En torno a esto último, conviene decir, incluso, que muchas veces los riesgos para los derechos fundamentales de los reclusos provienen de la sobrevaluada centralidad que la agencia penitenciaria atribuye a las cuestiones relativas a la seguridad, la disciplina y el orden interno en el establecimiento carcelario. En función de tales prioridades, no es infrecuente que el personal penitenciario ajuste toda su actividad al logro de un control estricto que evite posibles desviaciones del condenado, sin reparar en las eventuales afectaciones a los derechos del recluso que ello acarrea. Suele acudirse, en muchos casos abusivamente, a un endurecimiento del régimen disciplinario y a fuertes excesos de seguridad, a través de medidas que, en tanto puedan resentir derechos fundamentales de los internos más allá de la afectación que permite la ley, resultan difícilmente compatibles, cuando no simplemente contrarias, a las finalidades resocializadoras que se pretende alcanzar72.

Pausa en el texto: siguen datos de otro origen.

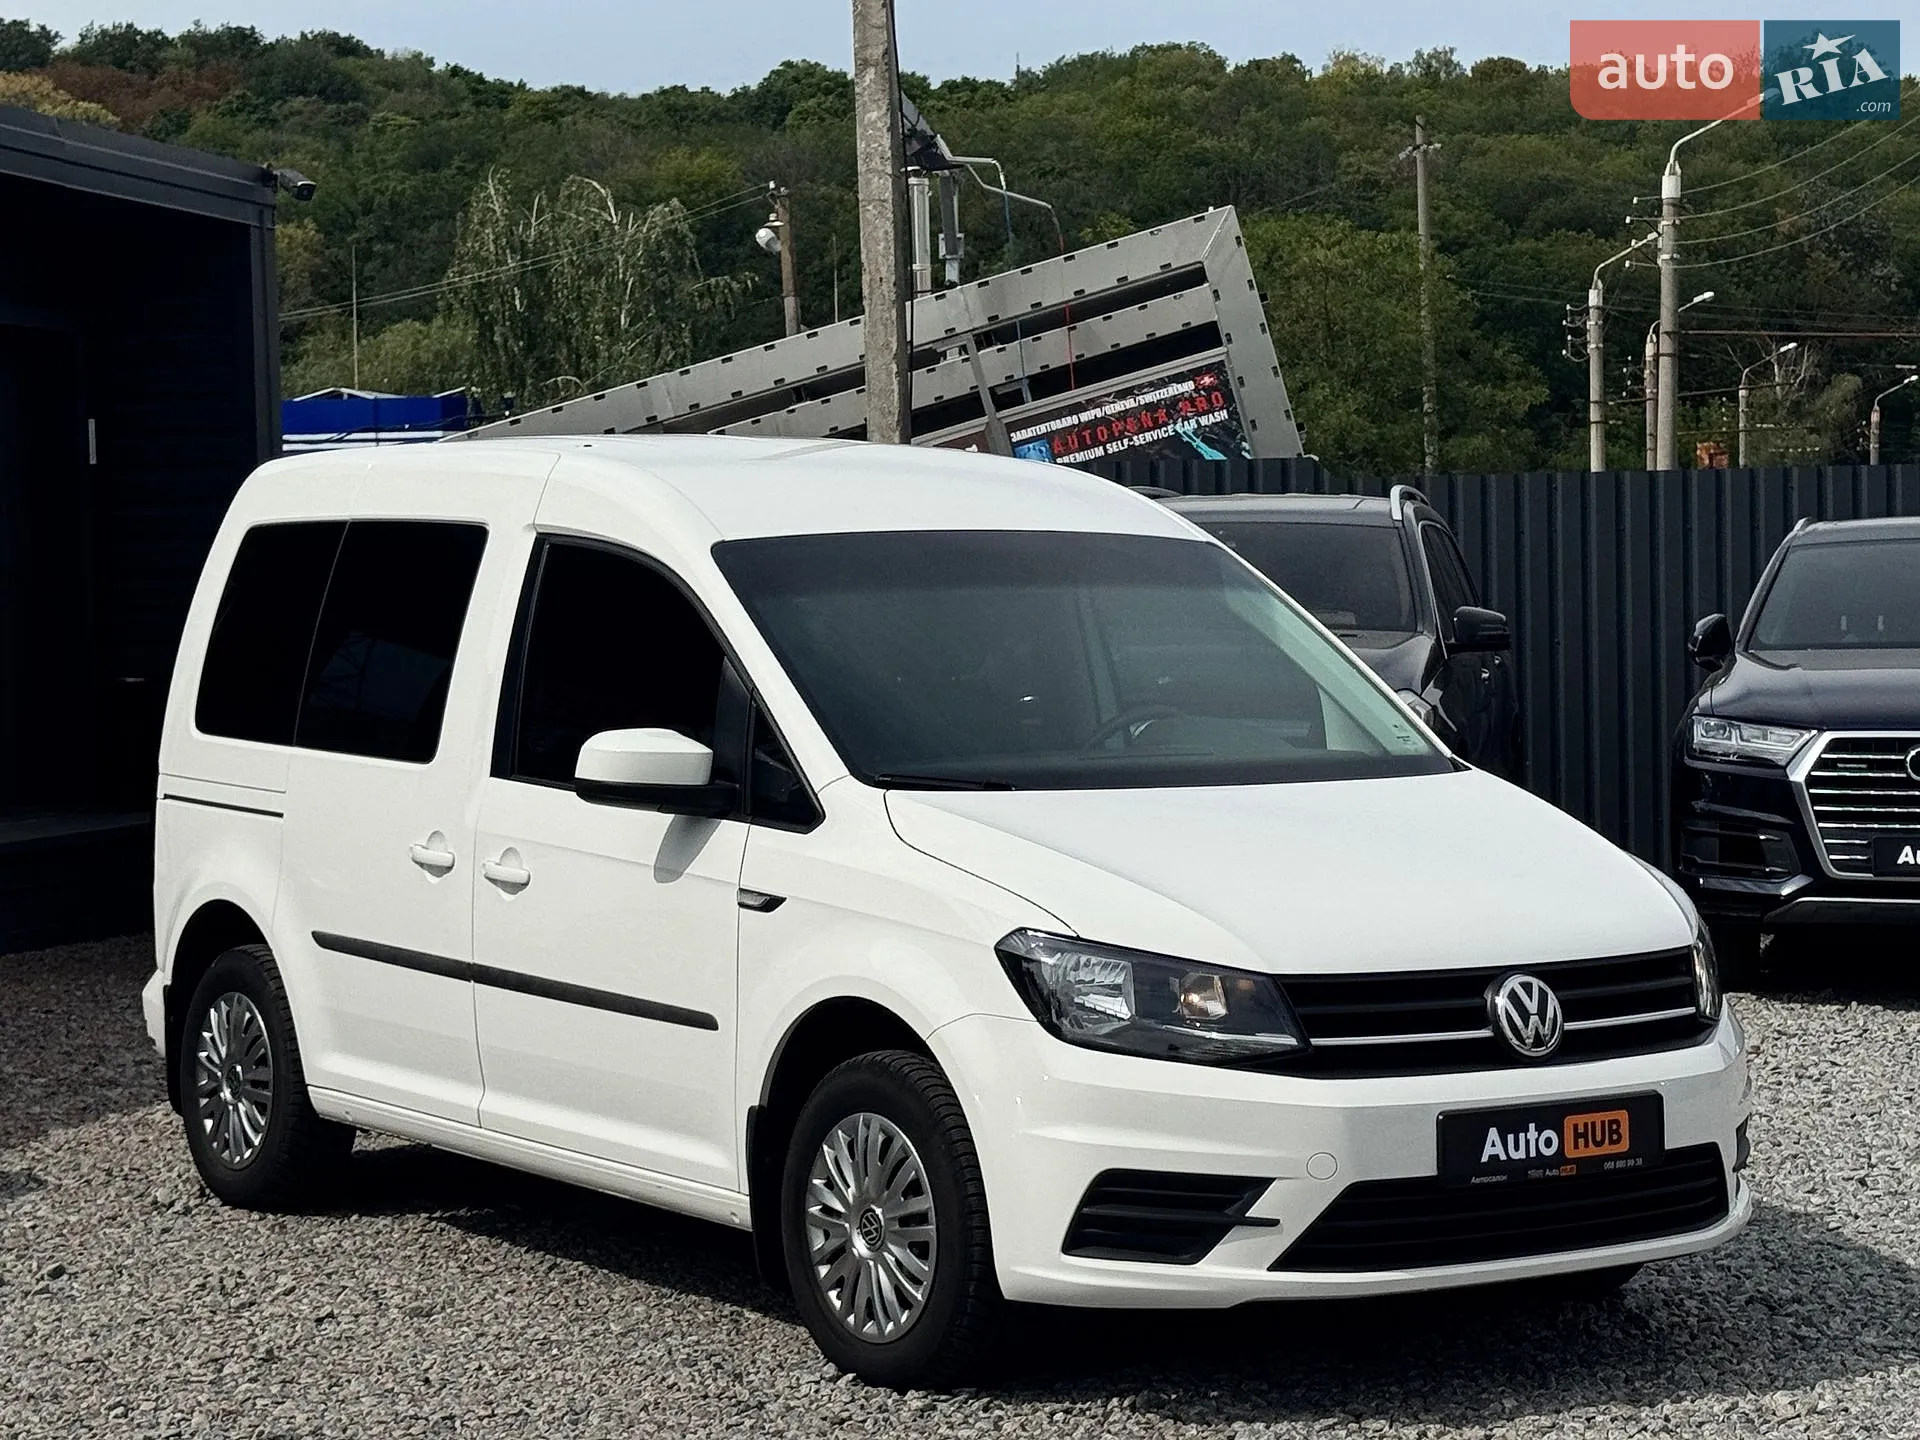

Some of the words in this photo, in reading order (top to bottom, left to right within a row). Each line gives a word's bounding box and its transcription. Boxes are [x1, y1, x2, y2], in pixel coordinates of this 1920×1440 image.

[1106, 426, 1175, 455] SELF-SERVICE
[1198, 409, 1229, 427] WASH
[1480, 1122, 1559, 1163] Auto
[1572, 1118, 1623, 1150] HUB
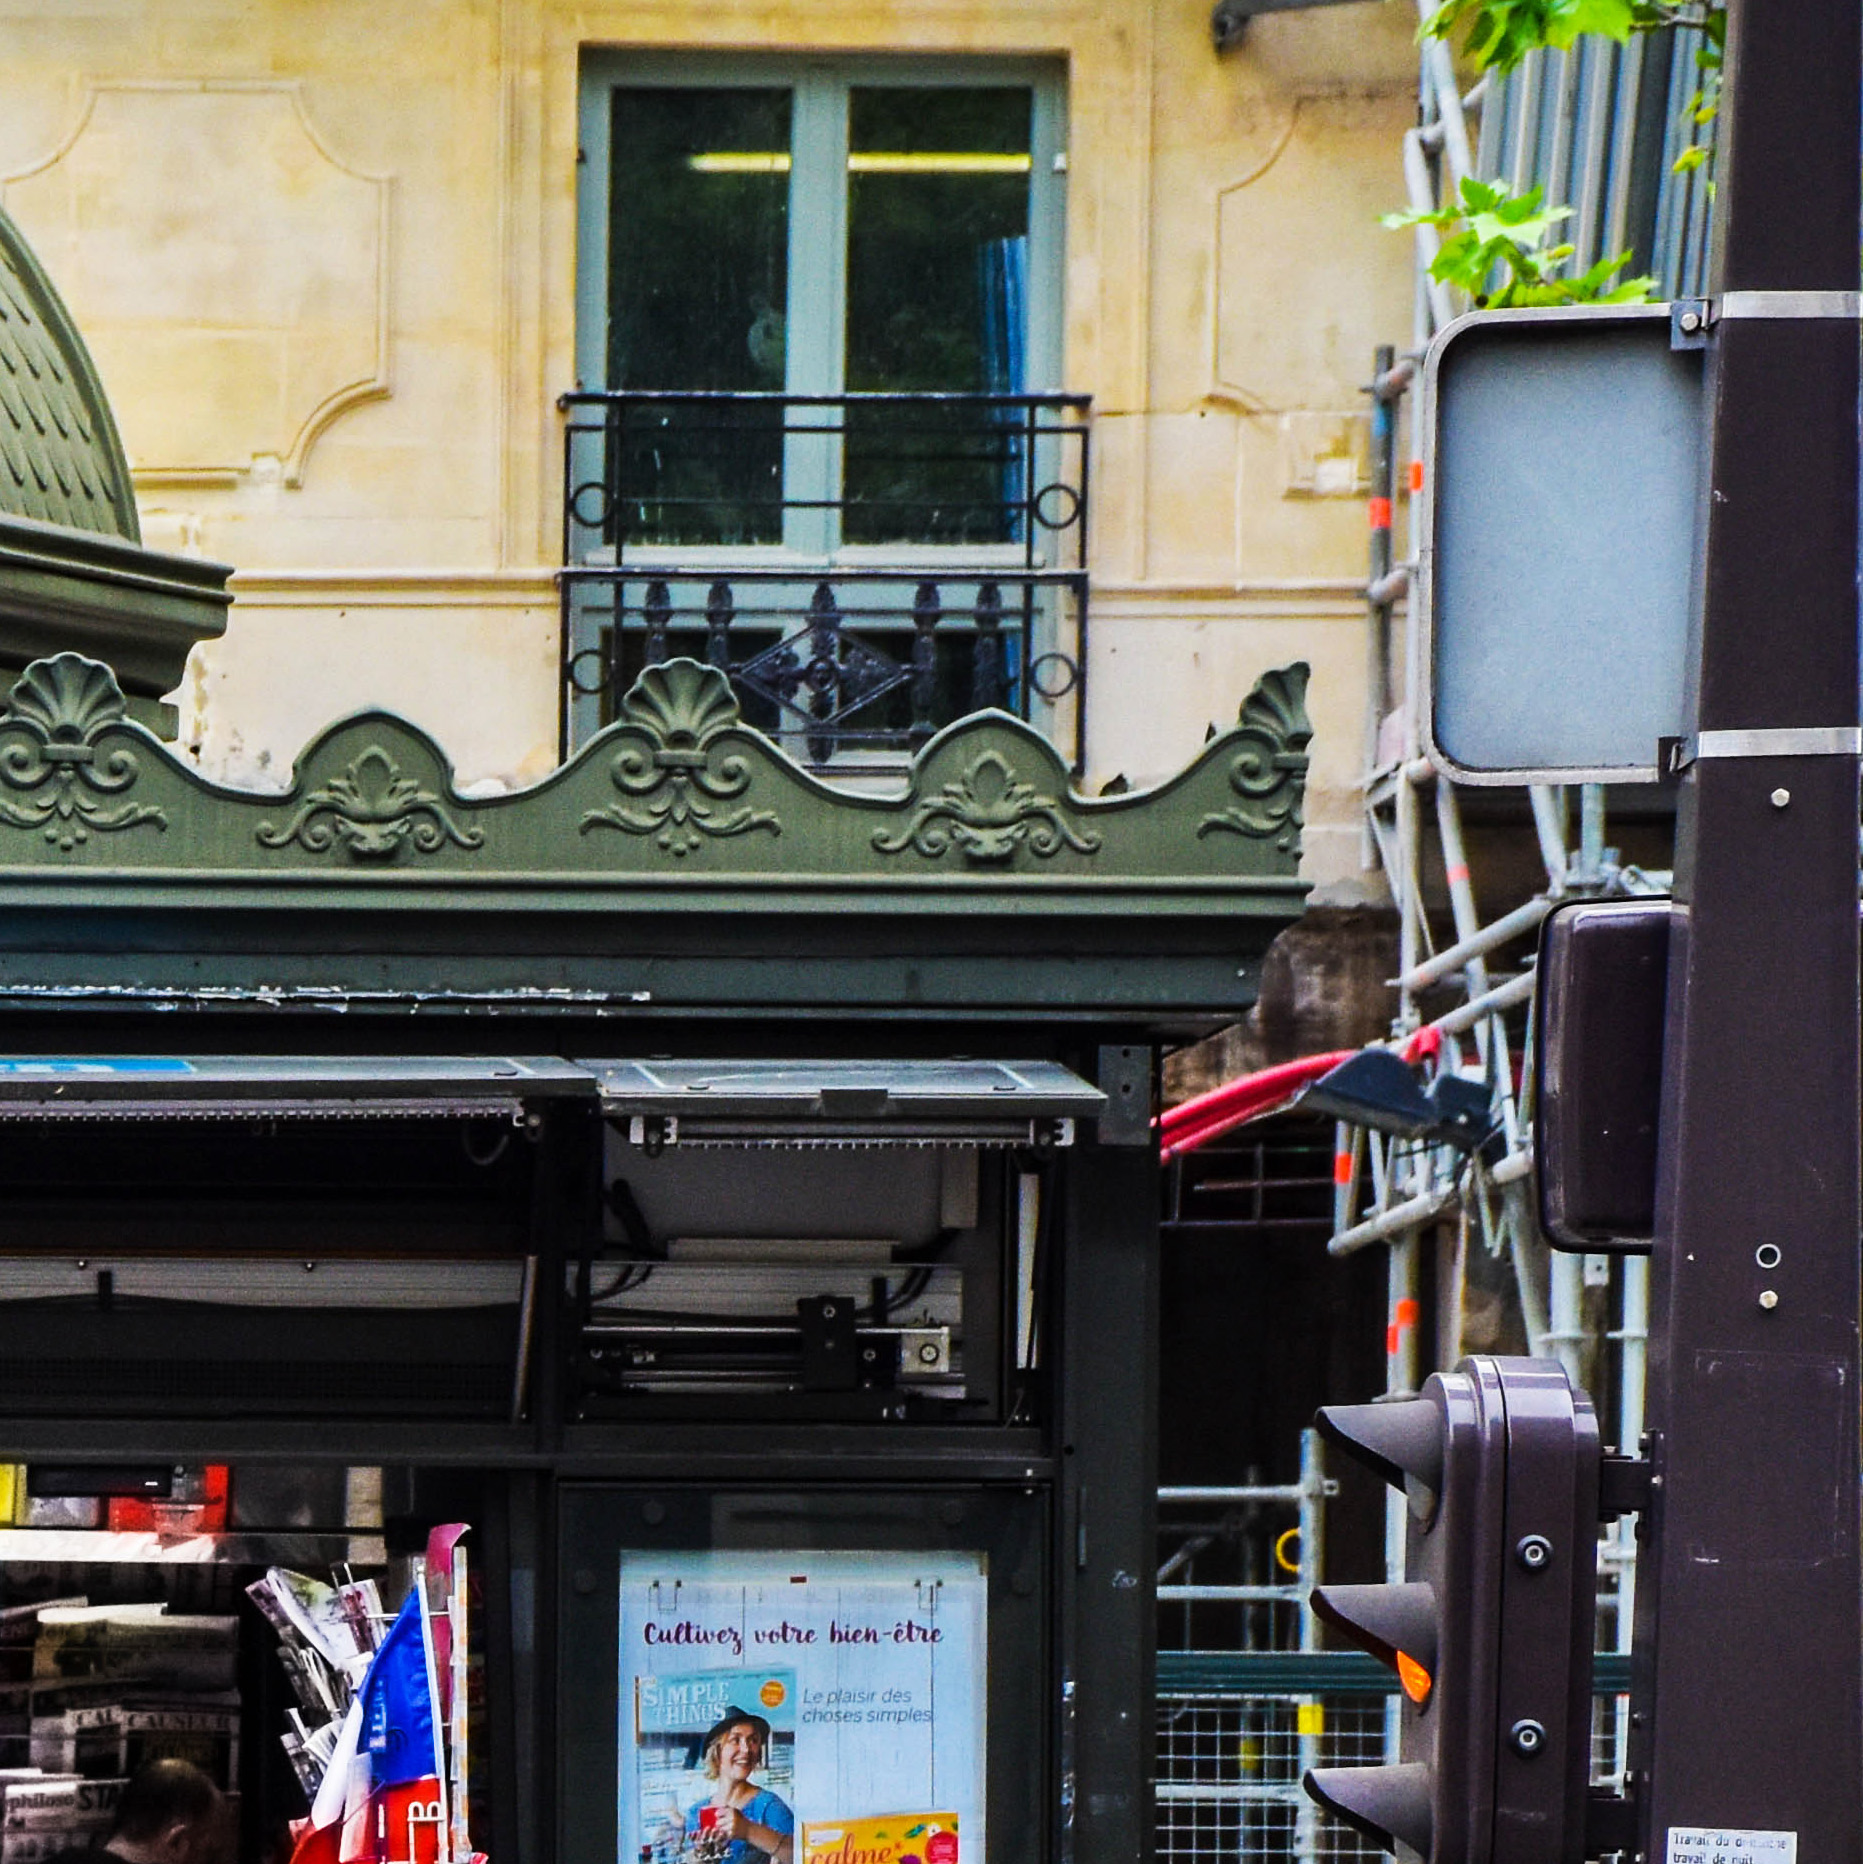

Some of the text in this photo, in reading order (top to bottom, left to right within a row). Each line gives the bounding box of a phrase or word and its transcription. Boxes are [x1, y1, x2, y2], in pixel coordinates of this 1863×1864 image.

[644, 1620, 943, 1655] Cultivez votre bien-être
[642, 1681, 730, 1707] SIMPLE
[803, 1688, 911, 1708] Le plaisir des
[656, 1702, 726, 1726] THINGS
[802, 1706, 932, 1724] choses simples
[1716, 1834, 1729, 1847] du
[1712, 1852, 1726, 1864] de

La judicialización de la pena de encierro aparece, así, como un instrumento indispensable para la realización del principio de legalidad ejecutiva, y presupone, por un lado, la asignación de competencia específica para intervenir en el control de la ejecución de la sanción privativa de la libertad a una magistratura especializada (Juez de Ejecución Penal o Juez de Vigilancia Penitenciaria), y, por el otro, el ensanchamiento del ámbito de “jurisdiccionalización” mediante una ampliación de las funciones judiciales durante la etapa de ejecución —que se atribuyen al juez especial—, en detrimento de las tareas confiadas a la administración penitenciaria.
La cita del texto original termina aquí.